DESCRIPTION OF THE TASK:
Using the listing below, retype exactly the lines starting at the one with "this 1707×1280 image." and ending at the one with "this 1614×1080 image.", and include both.
***** THE DATA
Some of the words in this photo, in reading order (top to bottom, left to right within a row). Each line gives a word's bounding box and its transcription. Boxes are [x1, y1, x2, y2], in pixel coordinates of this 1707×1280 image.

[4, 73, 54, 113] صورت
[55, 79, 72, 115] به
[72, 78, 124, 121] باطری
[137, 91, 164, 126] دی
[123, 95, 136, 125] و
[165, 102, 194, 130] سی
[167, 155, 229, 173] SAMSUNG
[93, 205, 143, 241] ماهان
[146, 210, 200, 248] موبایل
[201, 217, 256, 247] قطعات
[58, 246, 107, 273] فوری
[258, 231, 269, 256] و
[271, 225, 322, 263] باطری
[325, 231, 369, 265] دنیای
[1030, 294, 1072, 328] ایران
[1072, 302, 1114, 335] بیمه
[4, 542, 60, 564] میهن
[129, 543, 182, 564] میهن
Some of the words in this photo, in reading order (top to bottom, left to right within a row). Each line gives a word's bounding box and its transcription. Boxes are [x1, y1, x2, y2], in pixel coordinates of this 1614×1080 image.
**********
***** THE DATA
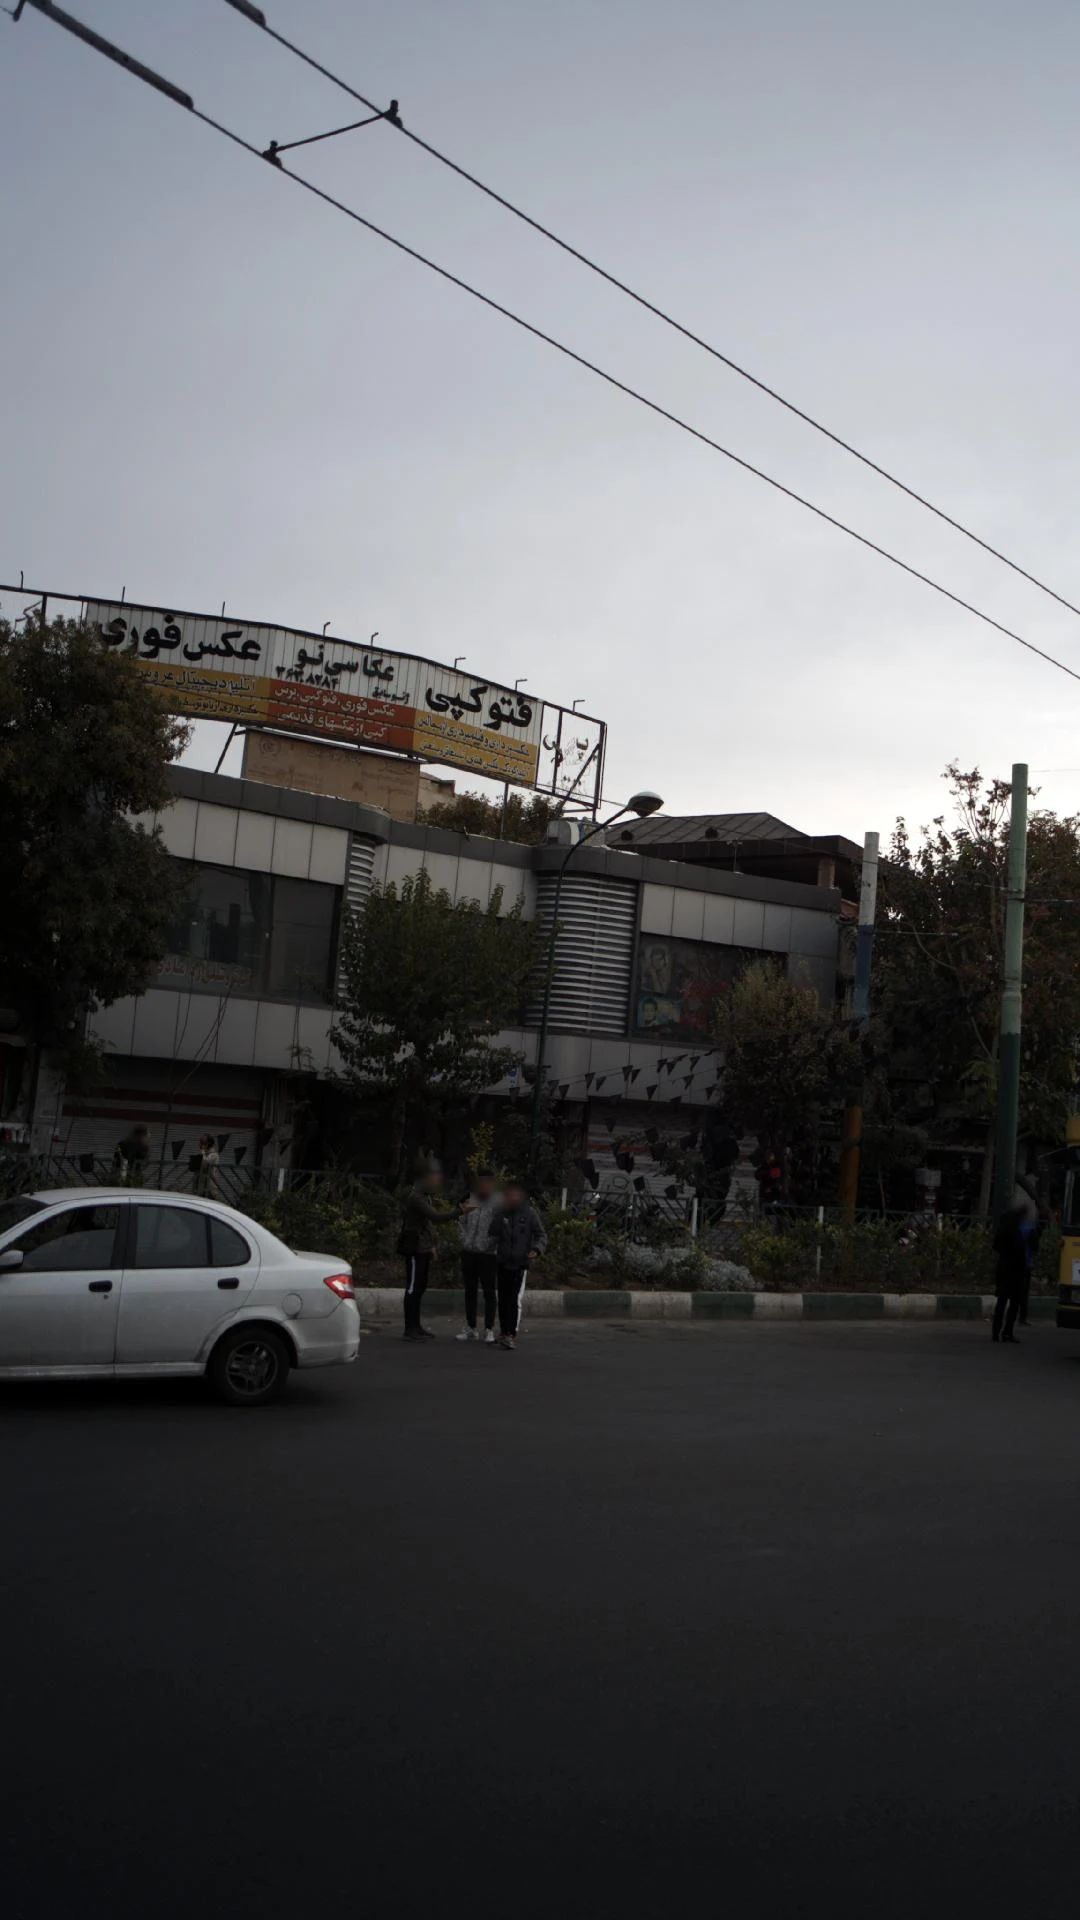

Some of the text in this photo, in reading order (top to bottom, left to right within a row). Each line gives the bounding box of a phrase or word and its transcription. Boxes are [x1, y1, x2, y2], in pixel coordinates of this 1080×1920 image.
**********
SOLVED PROBLEM:
Some of the words in this photo, in reading order (top to bottom, left to right within a row). Each line gives a word's bounding box and its transcription. Boxes are [x1, y1, x2, y2], in pixel coordinates of this 1707×1280 image.

[4, 73, 54, 113] صورت
[55, 79, 72, 115] به
[72, 78, 124, 121] باطری
[137, 91, 164, 126] دی
[123, 95, 136, 125] و
[165, 102, 194, 130] سی
[167, 155, 229, 173] SAMSUNG
[93, 205, 143, 241] ماهان
[146, 210, 200, 248] موبایل
[201, 217, 256, 247] قطعات
[58, 246, 107, 273] فوری
[258, 231, 269, 256] و
[271, 225, 322, 263] باطری
[325, 231, 369, 265] دنیای
[1030, 294, 1072, 328] ایران
[1072, 302, 1114, 335] بیمه
[4, 542, 60, 564] میهن
[129, 543, 182, 564] میهن
Some of the words in this photo, in reading order (top to bottom, left to right within a row). Each line gives a word's bounding box and its transcription. Boxes are [x1, y1, x2, y2], in pixel coordinates of this 1614×1080 image.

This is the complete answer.